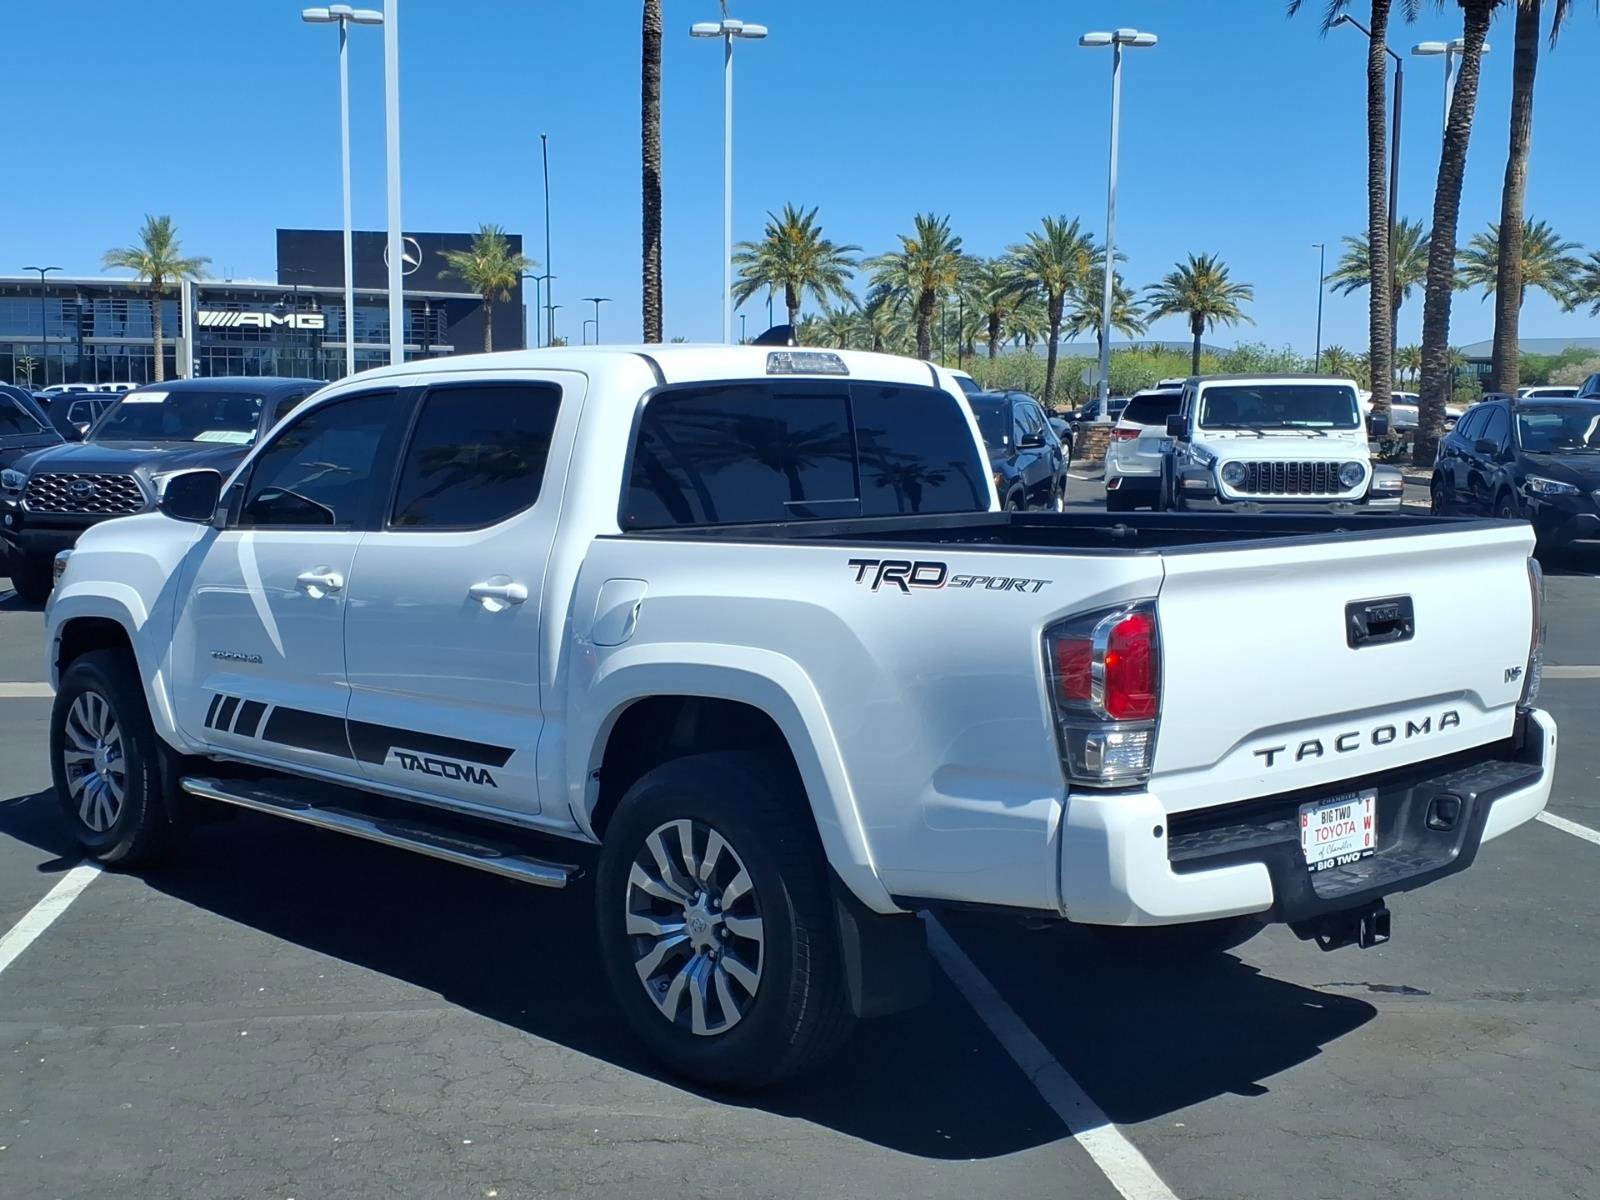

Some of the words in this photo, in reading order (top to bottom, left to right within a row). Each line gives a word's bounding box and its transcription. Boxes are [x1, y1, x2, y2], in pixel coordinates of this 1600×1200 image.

[232, 312, 324, 329] AMG
[848, 559, 948, 595] TRD
[948, 574, 1053, 593] SPORT
[1253, 710, 1461, 768] TACOMA
[394, 751, 498, 788] TACOMA
[1321, 810, 1334, 825] BIG
[1335, 806, 1351, 820] TWO
[1315, 820, 1356, 842] TOYOTA
[1317, 858, 1335, 871] BIG
[1337, 852, 1361, 865] TWO
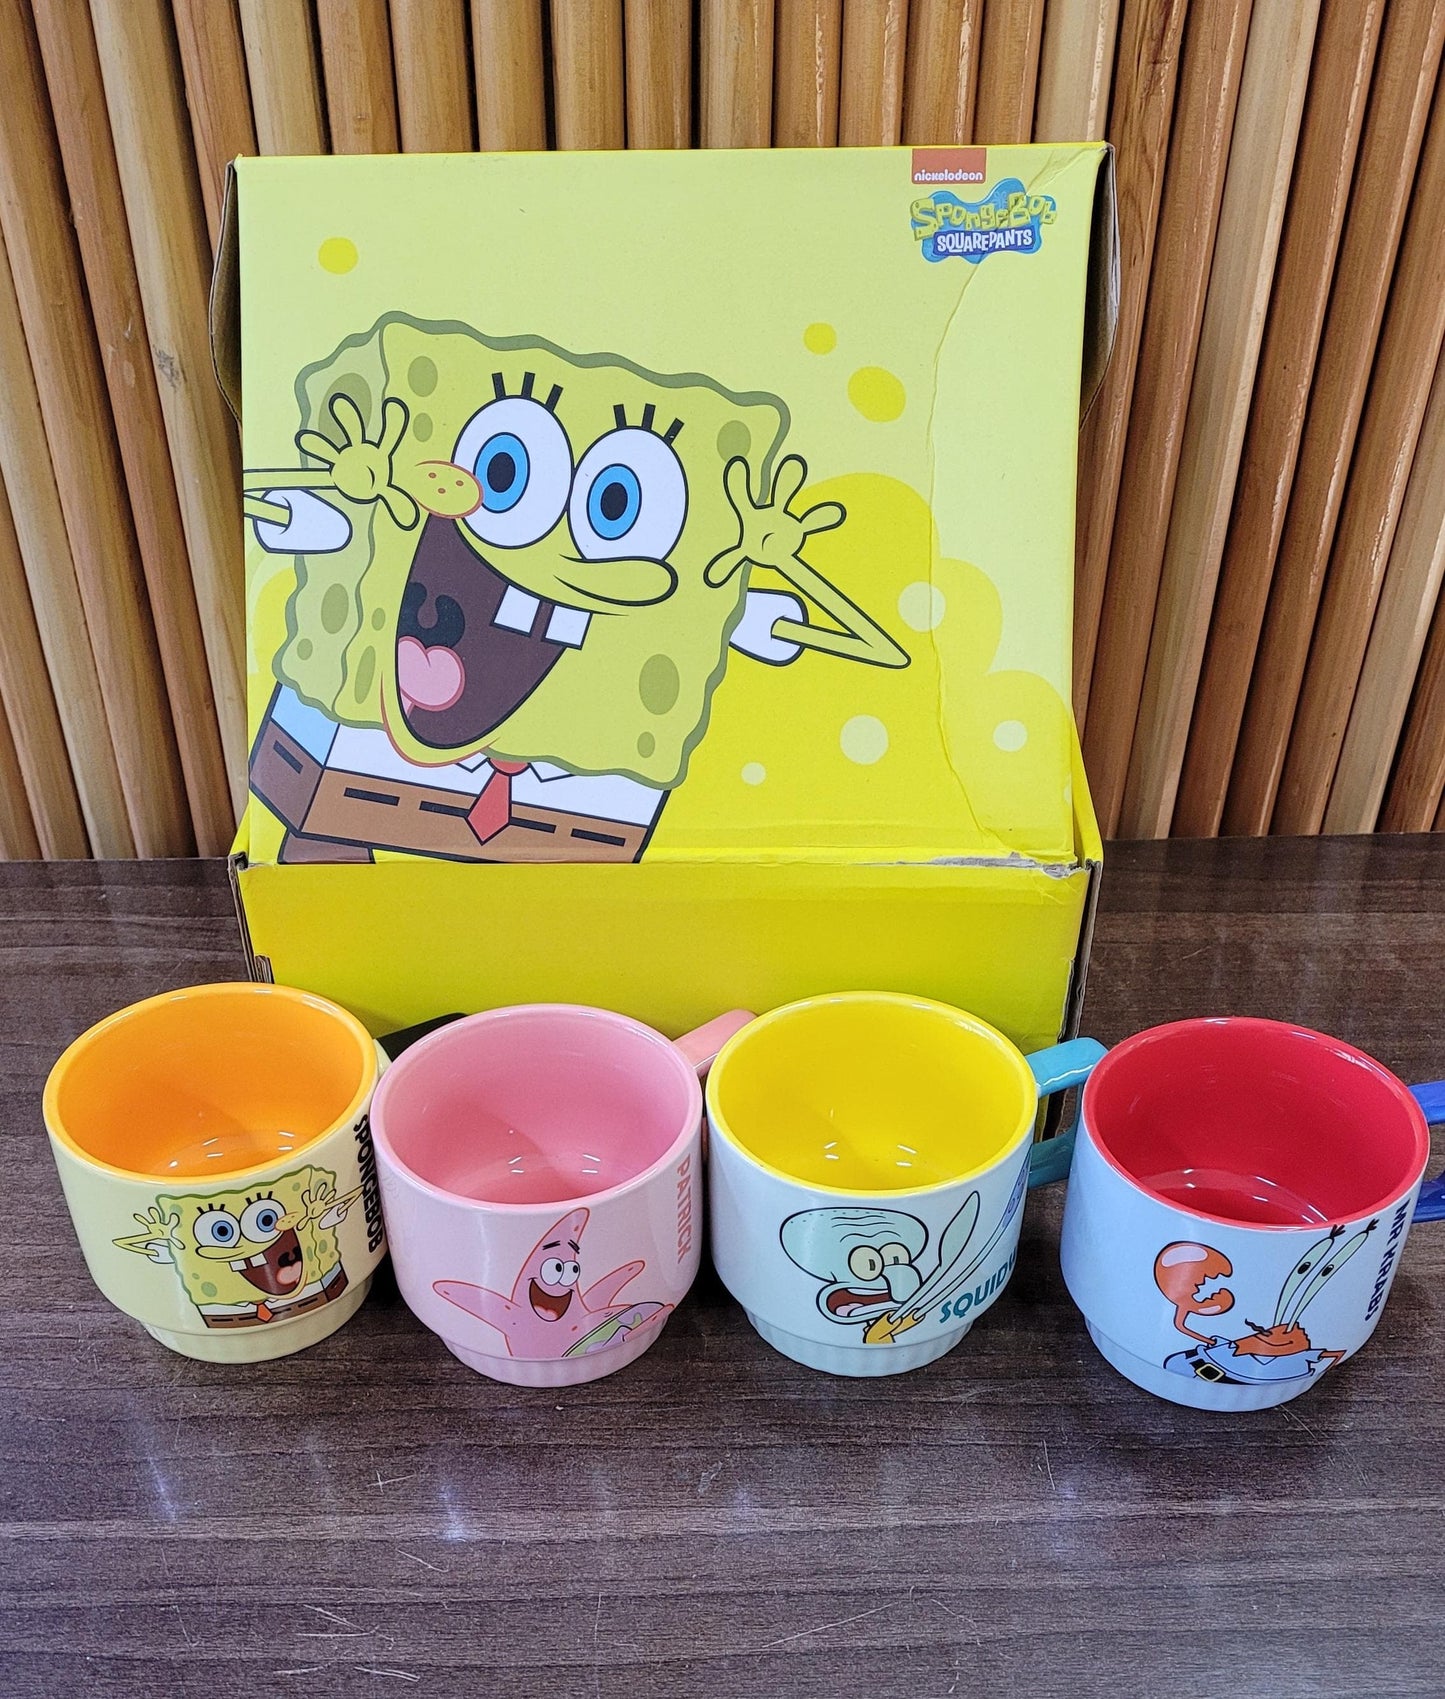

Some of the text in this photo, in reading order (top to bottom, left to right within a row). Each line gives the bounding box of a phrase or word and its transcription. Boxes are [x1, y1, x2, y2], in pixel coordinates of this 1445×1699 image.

[914, 169, 983, 181] nickelodeon
[936, 227, 1033, 253] SQUAREPANTS
[353, 1113, 384, 1253] SPONGEBOB
[677, 1152, 692, 1264] PATRICK
[1386, 1198, 1410, 1246] MR

ABOUT THIS EXERCISE:
The full data, repeated exactly and stripped of its pictures, is the expected answer.

YOUR SOLUTION:
Some of the words in this photo, in reading order (top to bottom, left to right within a row). Each line gives a word's bounding box and its transcription. Boxes are [x1, y1, x2, y2], in pixel coordinates of this 1600×1200 image.

[232, 312, 324, 329] AMG
[848, 559, 948, 595] TRD
[948, 574, 1053, 593] SPORT
[1253, 710, 1461, 768] TACOMA
[394, 751, 498, 788] TACOMA
[1321, 810, 1334, 825] BIG
[1335, 806, 1351, 820] TWO
[1315, 820, 1356, 842] TOYOTA
[1317, 858, 1335, 871] BIG
[1337, 852, 1361, 865] TWO

Some of the text in this photo, in reading order (top to bottom, left to right within a row). Each line gives the bounding box of a phrase or word and its transcription. Boxes are [x1, y1, x2, y2], in pixel coordinates of this 1445×1699 image.

[914, 169, 983, 181] nickelodeon
[936, 227, 1033, 253] SQUAREPANTS
[353, 1113, 384, 1253] SPONGEBOB
[677, 1152, 692, 1264] PATRICK
[1386, 1198, 1410, 1246] MR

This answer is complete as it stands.